Rand did identify “businessmen as the greatest victims of the present philosophical trend (particularly of the altruist morality).”(2) Muckrakers from different generations, indeed, have criticized and demeaned the great wealth-creators, even those who benefited the masses without resorting to political means, such as John D. Rockefeller and Cornelius Vanderbilt.(3)
Rand noticed the propensity of business leaders to not stand up for self-interest, individual rights, and capitalism proper. She complained:
As a group, businessmen have been withdrawing for decades from the ideological battlefield, disarmed by the deadly combination of altruism and Pragmatism. Their public policy has consisted in appeasing, compromising and apologizing: appeasing their crudest, loudest antagonists; compromising with any attack, any lie, any insult; apologizing for their own existence. Abandoning the field of ideas to their enemies, they have been relying on lobbying, i.e., on private manipulations, on pull, on seeking momentary favors from government officials. Today, the last group one can expect to fight for capitalism is the capitalists. (4)

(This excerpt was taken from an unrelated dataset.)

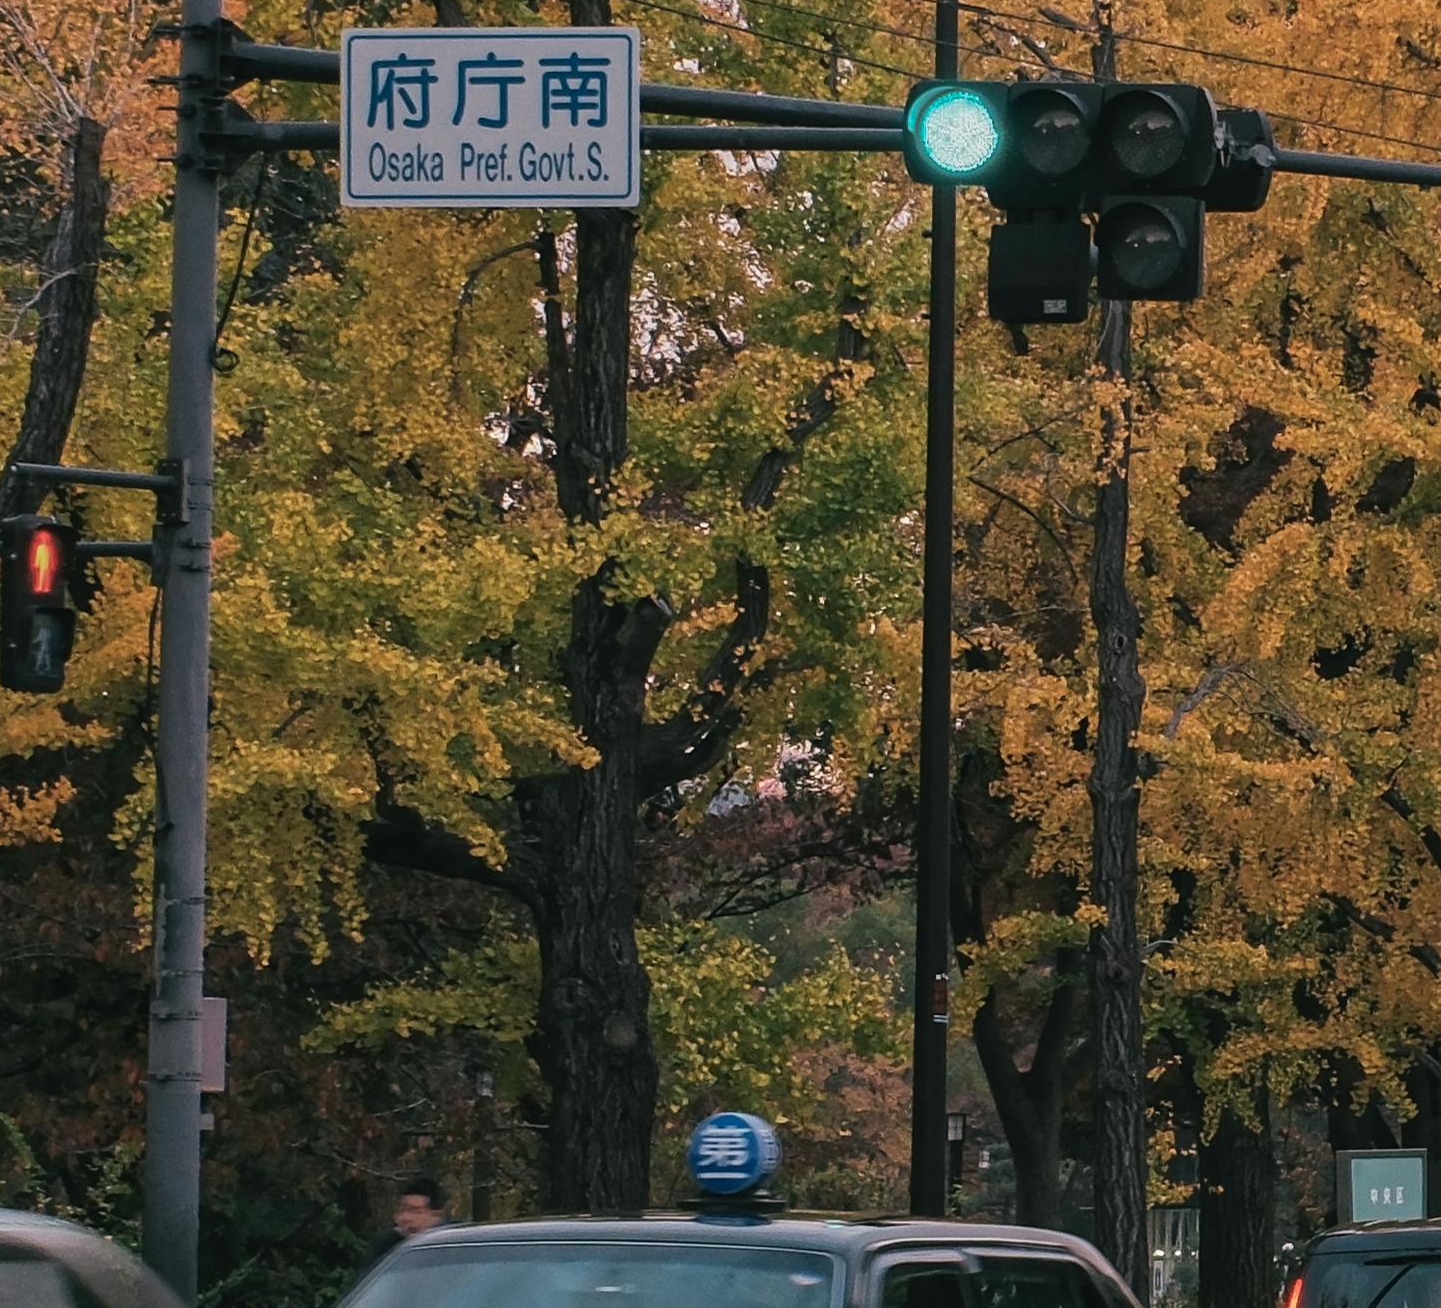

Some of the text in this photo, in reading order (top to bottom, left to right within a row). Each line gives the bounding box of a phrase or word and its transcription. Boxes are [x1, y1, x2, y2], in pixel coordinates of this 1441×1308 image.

Adam Smith fretted about capitalists-versus-capitalism, and the Adam Smith of our era, Milton Friedman, observed: “The two greatest enemies of free enterprise in the United States … have been, on the one hand, my fellow intellectuals and, on the other hand, the business corporations of this country.”(5)
Appeasement of capitalism’s opponents was philosophical surrender to Rand:
Appeasement is a betrayal not only of one’s own values, but of all those who share one’s values…. It would be better if they kept silent rather than spread the horrible advertisements that make us cringe with embarrassment. By “us” I mean advocates of capitalism. Mobil Oil ran ads in the New York Times which stated the following (I quote from memory): “‘Of the expression free, private, responsible enterprise, we strike out ‘free’ and ‘private’ as ‘nonessential.’”(6)
The Mobil Oil of her day would be the BP, Duke Energy, DuPont, Enron, Exelon, Conoco-Phillips and Shell of more recent times, all of whom succumbed to ideologically motivated critics of carbon-based energy and timorously implicated their own emissions in producing potentially deleterious climate change from an enhanced greenhouse effect. Only recently, with the collapse of cap-and-trade legislation and the “permitorium” on drilling permits, have the oil majors shifted gears to a more-energy-now stance.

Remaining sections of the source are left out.